WHAT THE EXERCISE ASKS: With images removed, transcribe each record exactly as it appears.

*** INPUT MATERIAL ***

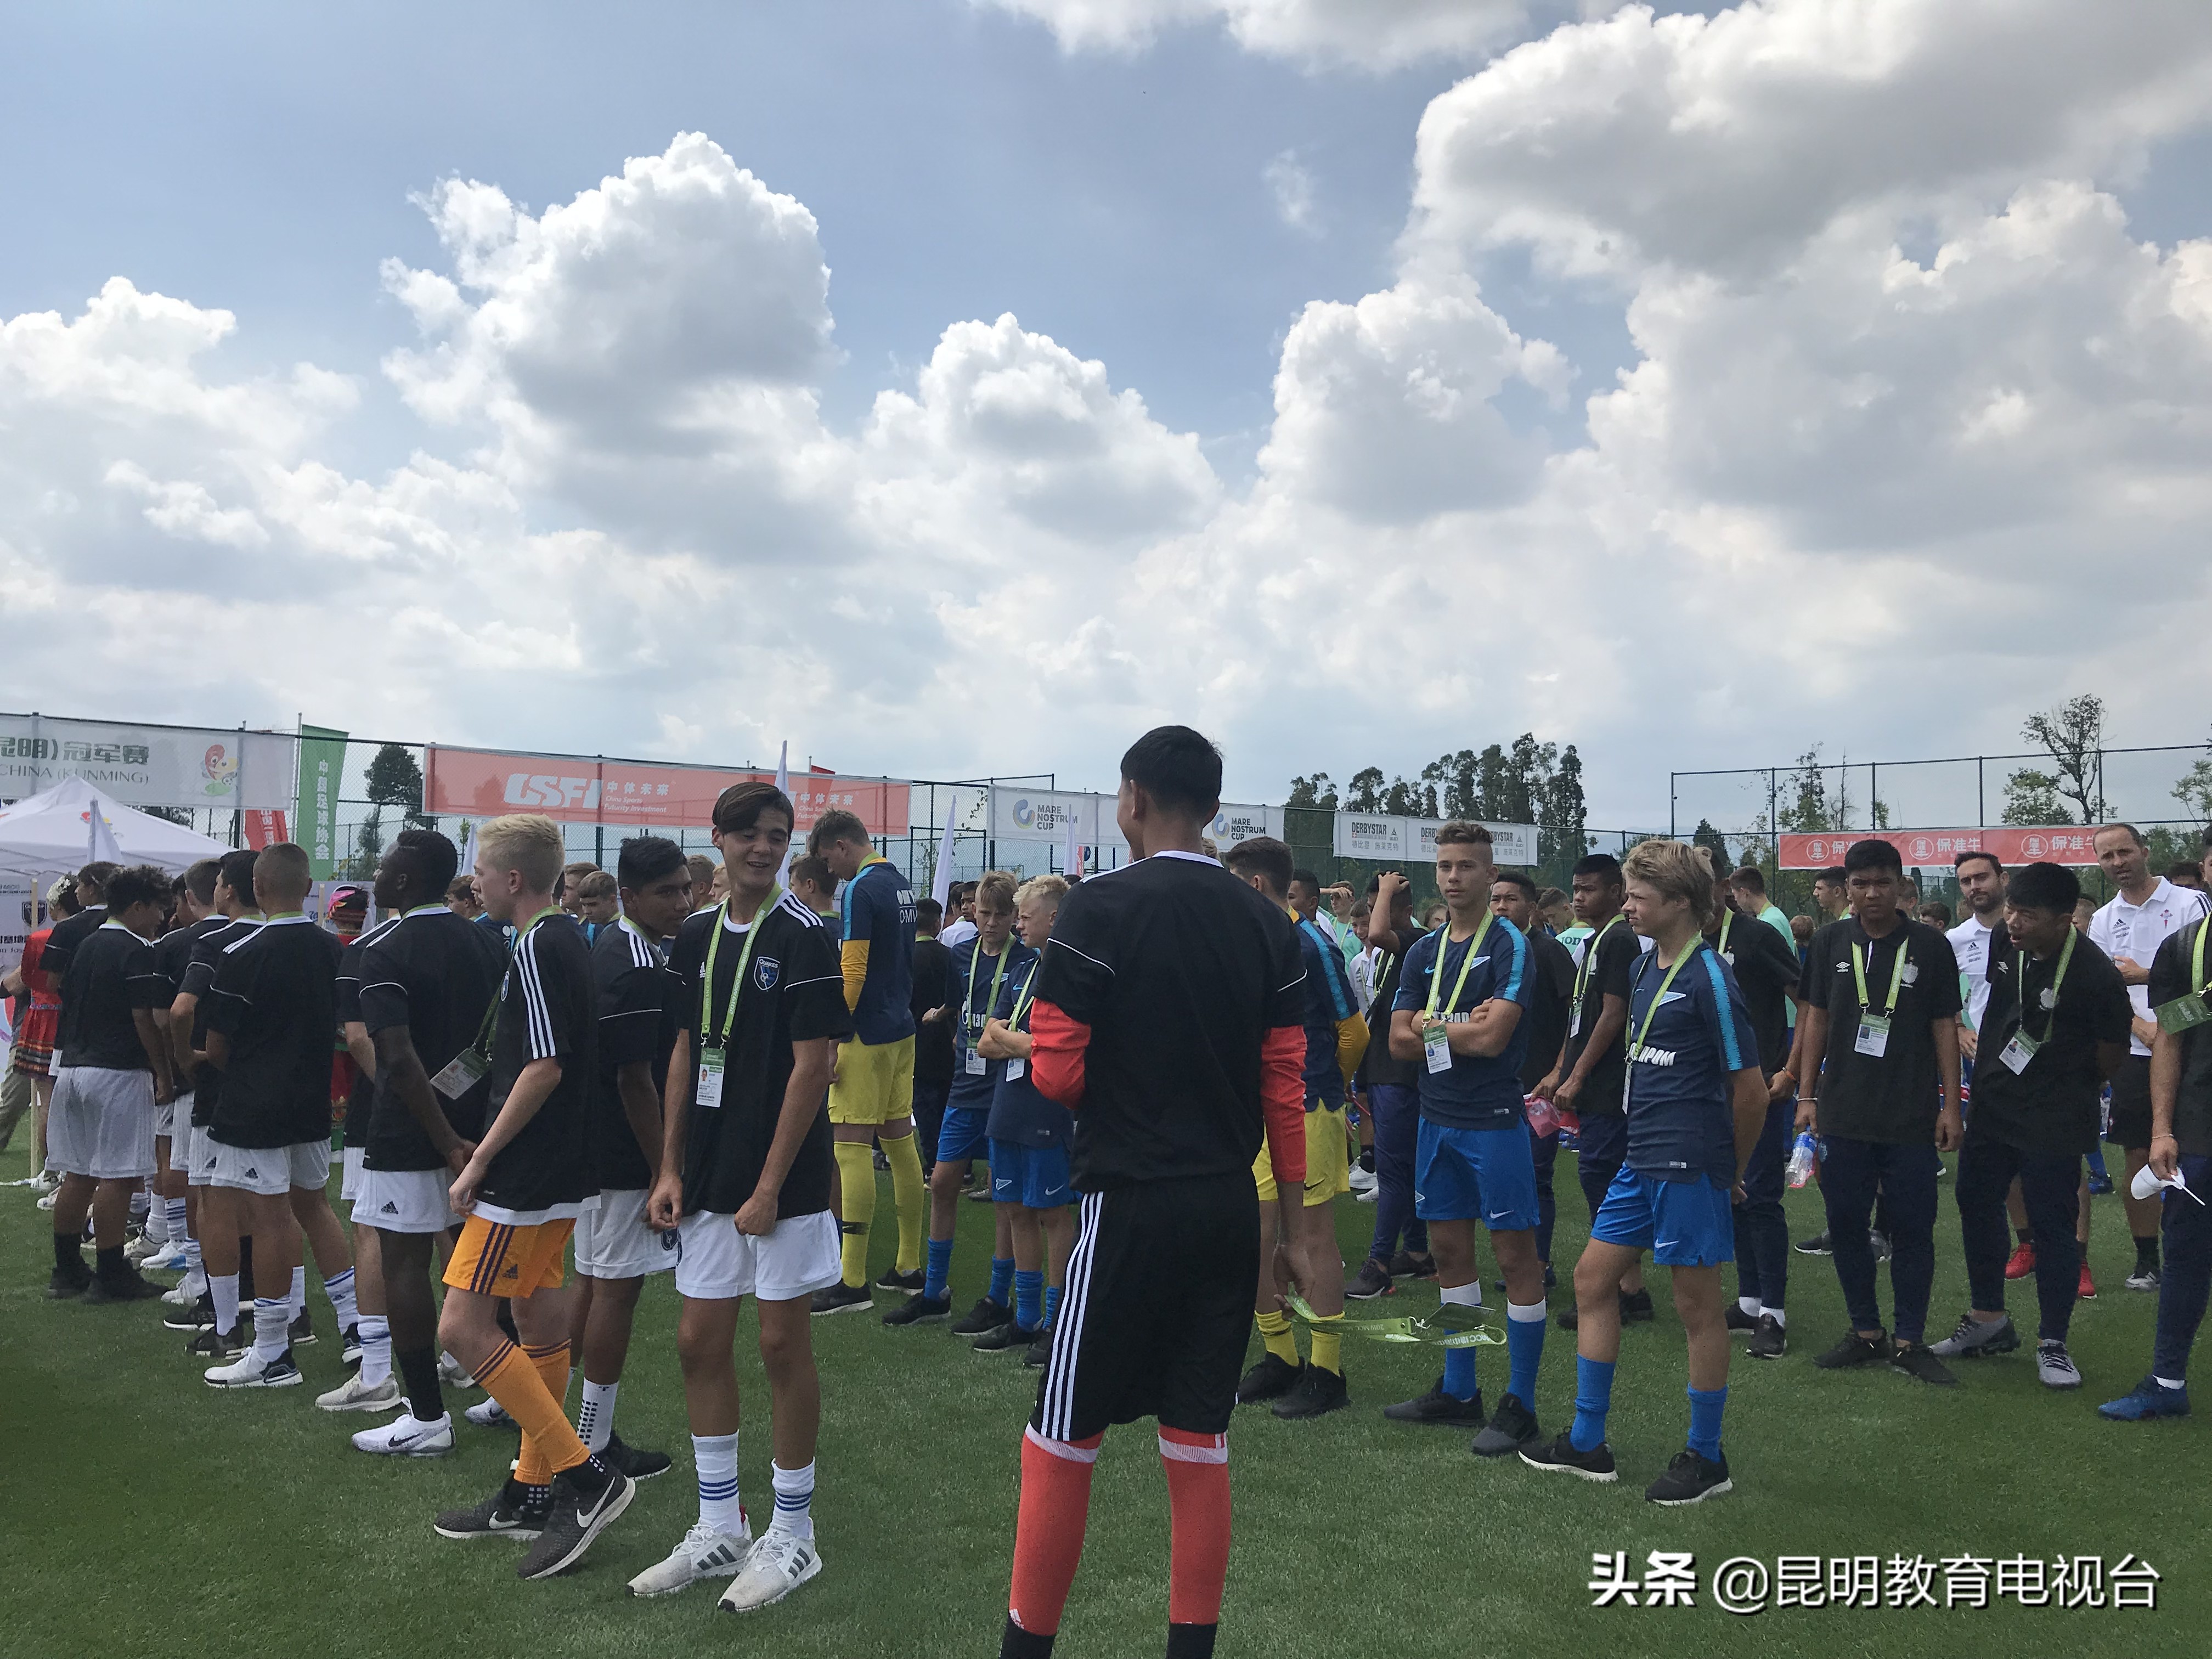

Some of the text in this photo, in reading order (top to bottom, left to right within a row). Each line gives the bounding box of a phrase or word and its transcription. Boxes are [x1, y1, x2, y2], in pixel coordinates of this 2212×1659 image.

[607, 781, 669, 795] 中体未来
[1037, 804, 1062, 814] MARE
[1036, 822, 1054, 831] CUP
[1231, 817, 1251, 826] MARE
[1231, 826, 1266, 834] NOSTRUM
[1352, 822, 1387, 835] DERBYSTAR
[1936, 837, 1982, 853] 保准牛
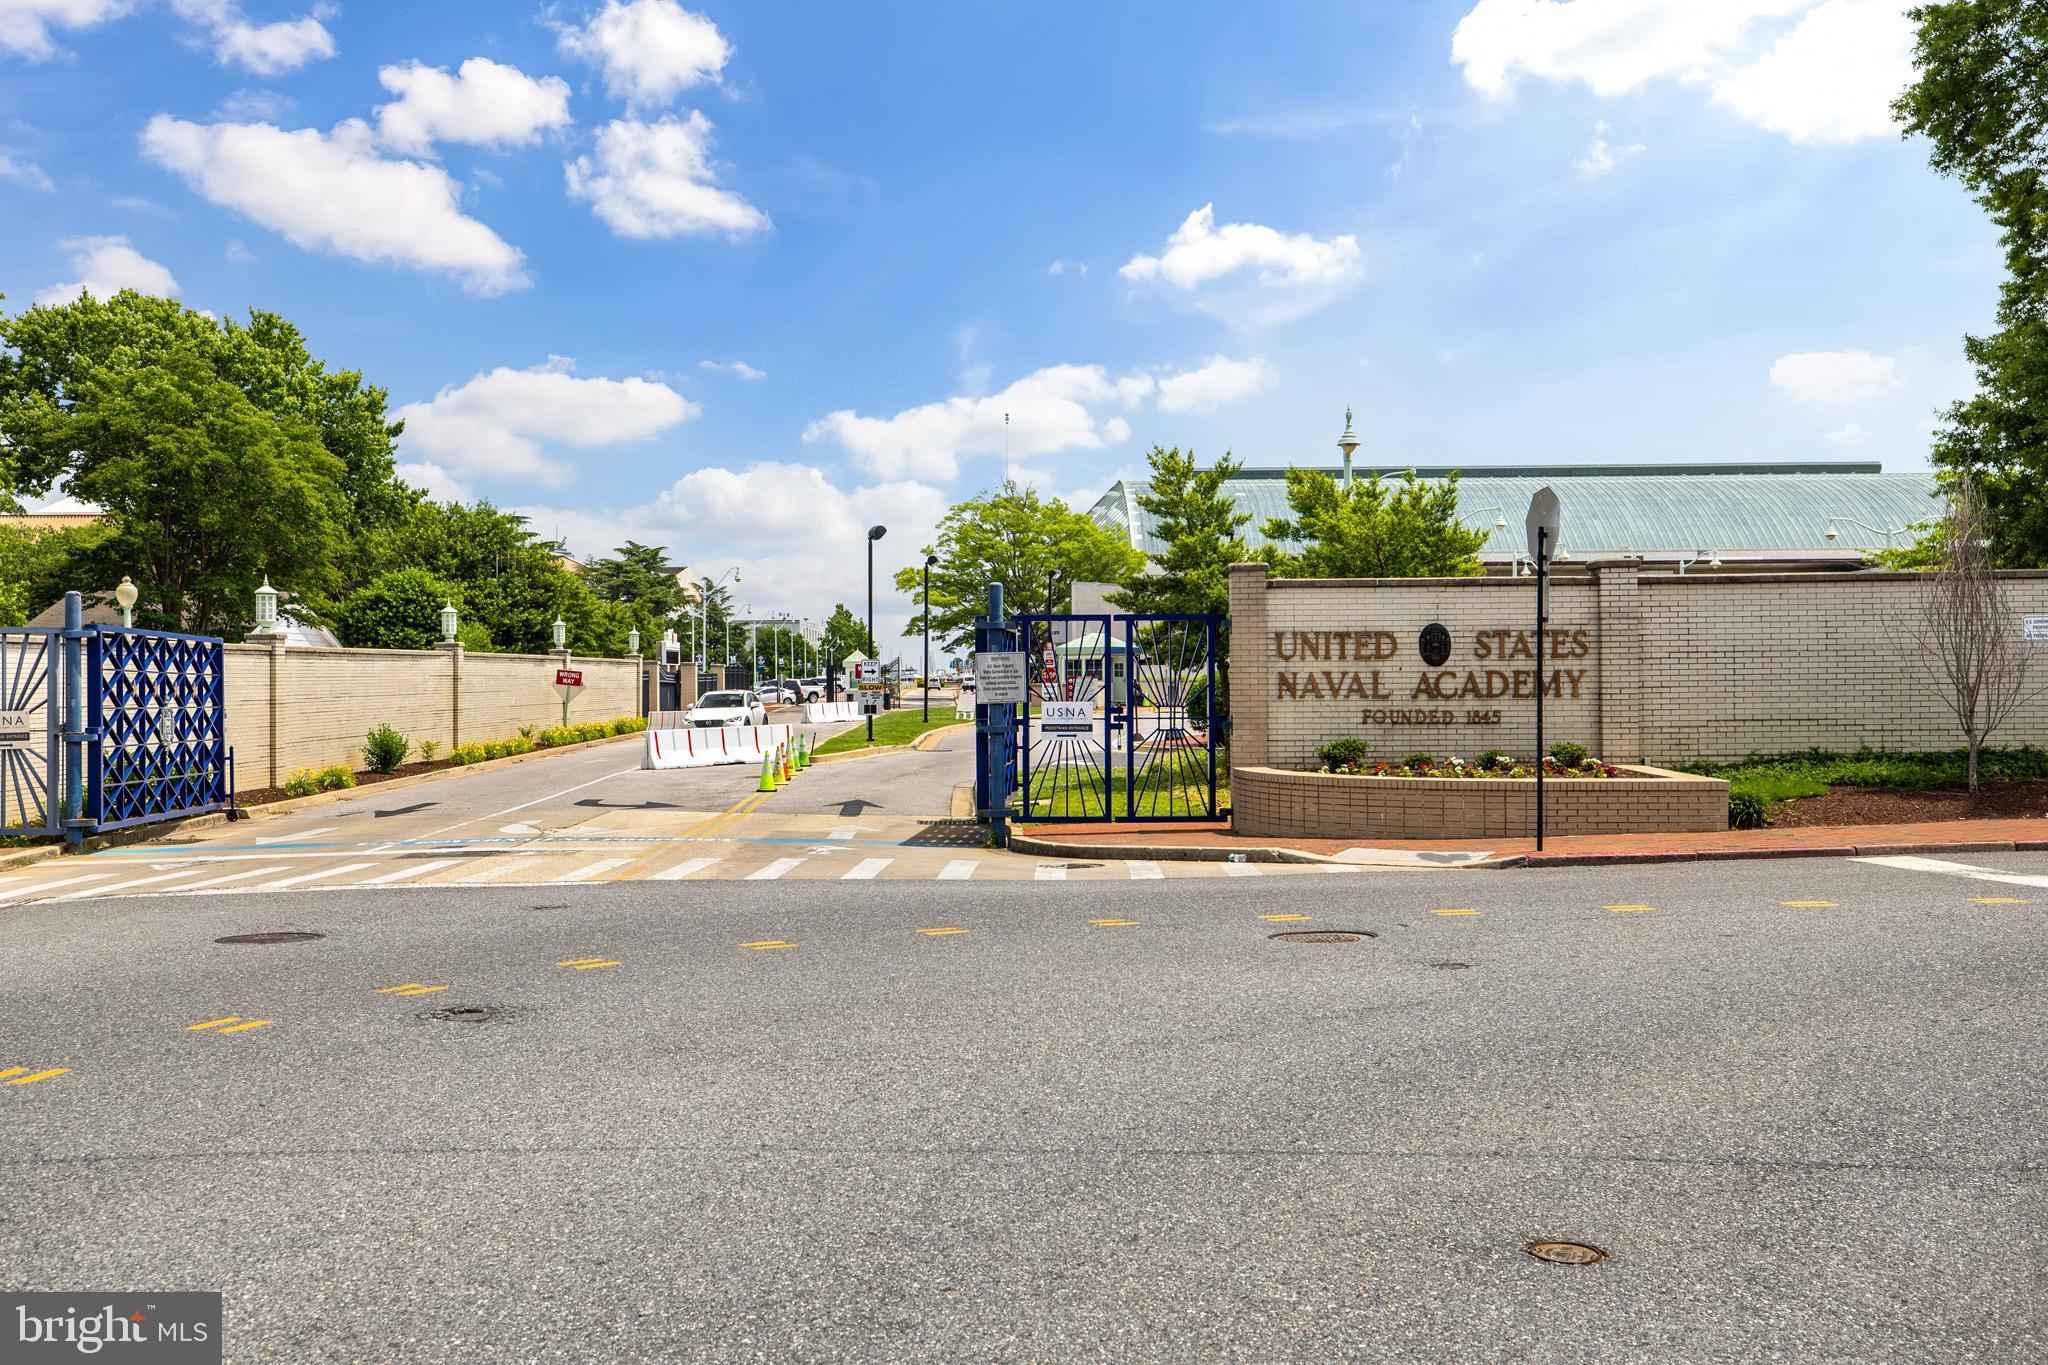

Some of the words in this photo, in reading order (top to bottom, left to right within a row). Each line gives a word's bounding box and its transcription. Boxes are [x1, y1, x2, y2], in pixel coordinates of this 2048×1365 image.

*** End of INPUT MATERIAL ***

TASK RESULT:
Some of the text in this photo, in reading order (top to bottom, left to right within a row). Each line gives the bounding box of a phrase or word and its transcription. Boxes are [x1, y1, x2, y2], in pixel coordinates of this 2212×1659 image.

[607, 781, 669, 795] 中体未来
[1037, 804, 1062, 814] MARE
[1036, 822, 1054, 831] CUP
[1231, 817, 1251, 826] MARE
[1231, 826, 1266, 834] NOSTRUM
[1352, 822, 1387, 835] DERBYSTAR
[1936, 837, 1982, 853] 保准牛

Some of the words in this photo, in reading order (top to bottom, left to right within a row). Each line gives a word's bounding box and its transcription. Boxes are [x1, y1, x2, y2], in pixel coordinates of this 2048×1365 image.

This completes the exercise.